Ama evrim teorisi ısrarla bilimin gündeminde tutulmaktadır. Hatta bazı insanlar teorinin eleştirilmesini "bilime saldırı" olarak göstermeye bile çalışmaktadırlar. Peki neden?...
Bu durumun nedeni, evrim teorisinin bazı çevreler için, kendisinden asla vazgeçilemeyecek dogmatik bir inanış oluşudur. Bu çevreler, materyalist felsefeye körü körüne bağlıdırlar ve Darwinizm'i de doğaya getirilebilecek yegane materyalist açıklama olduğu için benimsemektedirler.
Bazen bunu açıkça itiraf da ederler.

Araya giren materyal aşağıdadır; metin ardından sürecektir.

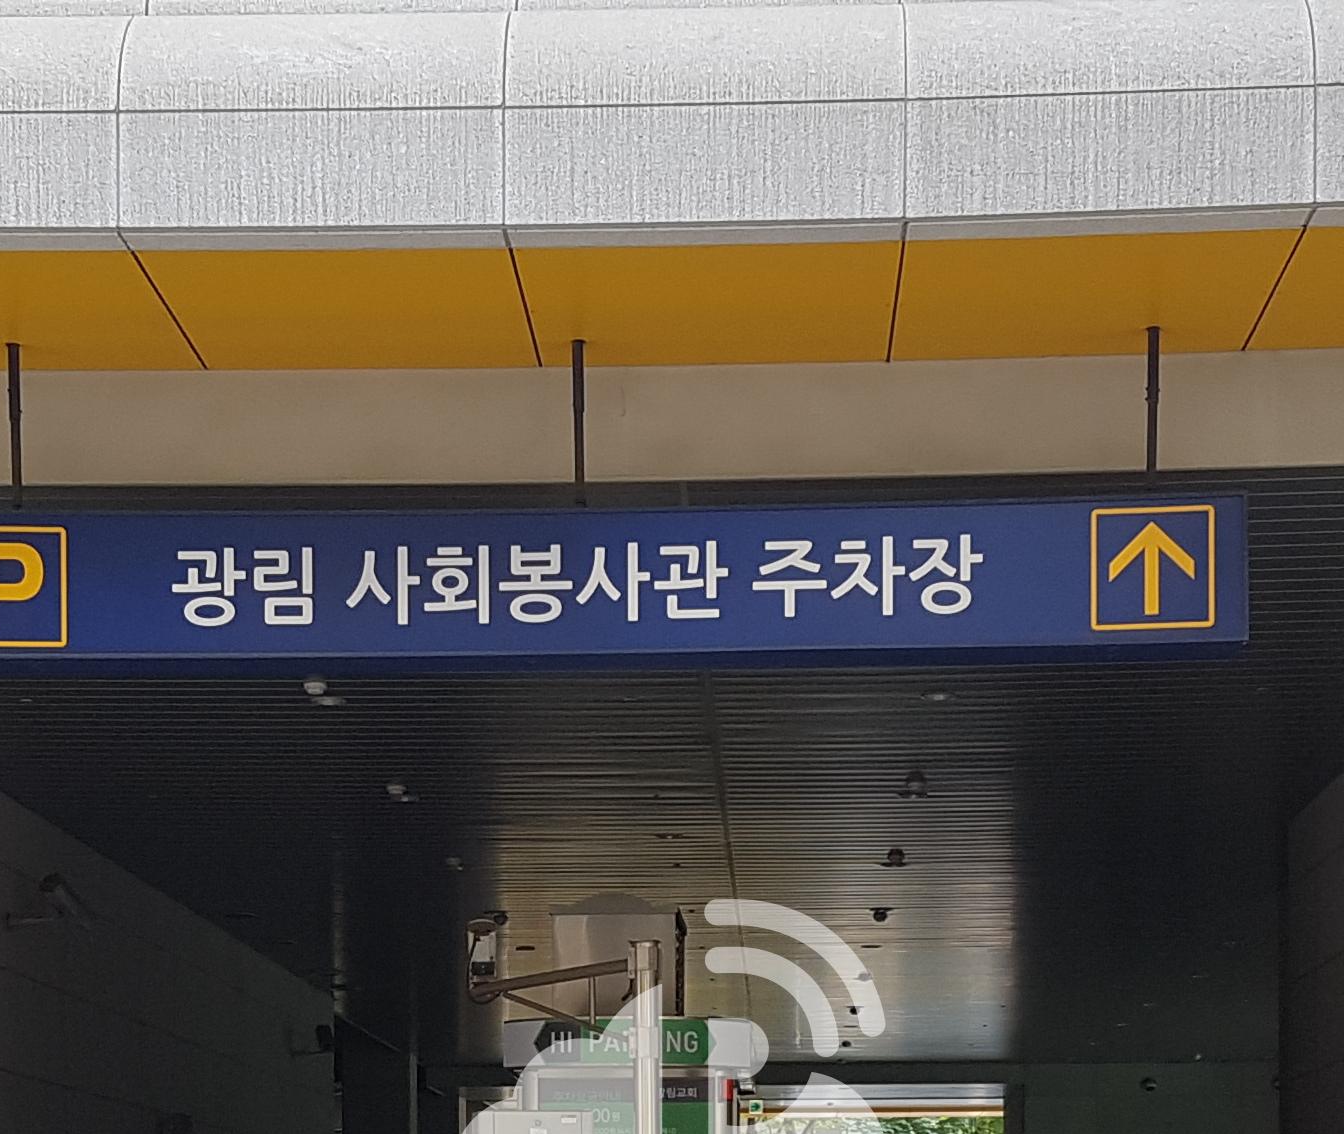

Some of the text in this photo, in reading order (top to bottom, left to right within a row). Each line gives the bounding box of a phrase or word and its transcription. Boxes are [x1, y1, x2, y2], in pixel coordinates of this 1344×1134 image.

Harvard Üniversitesi'nden ünlü bir genetikçi ve önde gelen bir evrimci olan Richard Lewontin, "önce materyalist, sonra bilim adamı" olduğunu şöyle itiraf etmektedir:
Bizim materyalizme bir inancımız var, 'a priori' (önceden kabul edilmiş, doğru varsayılmış) bir inanç bu. Bizi dünyaya materyalist bir açıklama getirmeye zorlayan şey, bilimin yöntemleri ve kuralları değil. Aksine, materyalizme olan a priori bağlılığımız nedeniyle, dünyaya materyalist bir açıklama getiren araştırma yöntemlerini ve kavramları kurguluyoruz. Materyalizm mutlak doğru olduğuna göre de, İlahi bir açıklamanın sahneye girmesine izin veremeyiz. (Richard Lewontin, "The Demon-Haunted World", The New York Review of Books, 9 Ocak, 1997, s. 28)
Bu sözler, Darwinizm'in, materyalist felsefeye bağlılık uğruna yaşatılan bir dogma olduğunun açık ifadeleridir. Bu dogma, maddeden başka hiçbir varlık olmadığını varsayar. Bu nedenle de cansız, bilinçsiz maddenin, hayatı yarattığına inanır. Milyonlarca farklı canlı türünün; örneğin kuşların, balıkların, zürafaların, kaplanların, böceklerin, ağaçların, çiçeklerin, balinaların ve insanların maddenin kendi içindeki etkileşimlerle, yani yağan yağmurla, çakan şimşekle, cansız maddenin içinden oluştuğunu kabul eder. Gerçekte ise bu, hem akla hem bilime aykırı bir kabuldür. Ama Darwinistler, "İlahi bir açıklamanın sahneye girmemesi" için, bu kabulü savunmaya devam etmektedirler.
Canlıların kökenine materyalist bir ön yargı ile bakmayan herkes ise, şu açık gerçeği görecektir: Tüm canlılar, üstün bir güç, bilgi ve akla sahip olan bir Yaratıcı'nın eseridirler. O Yaratıcı, tüm evreni yoktan var eden, canlıları da yaratıp şekillendiren Allah'tır.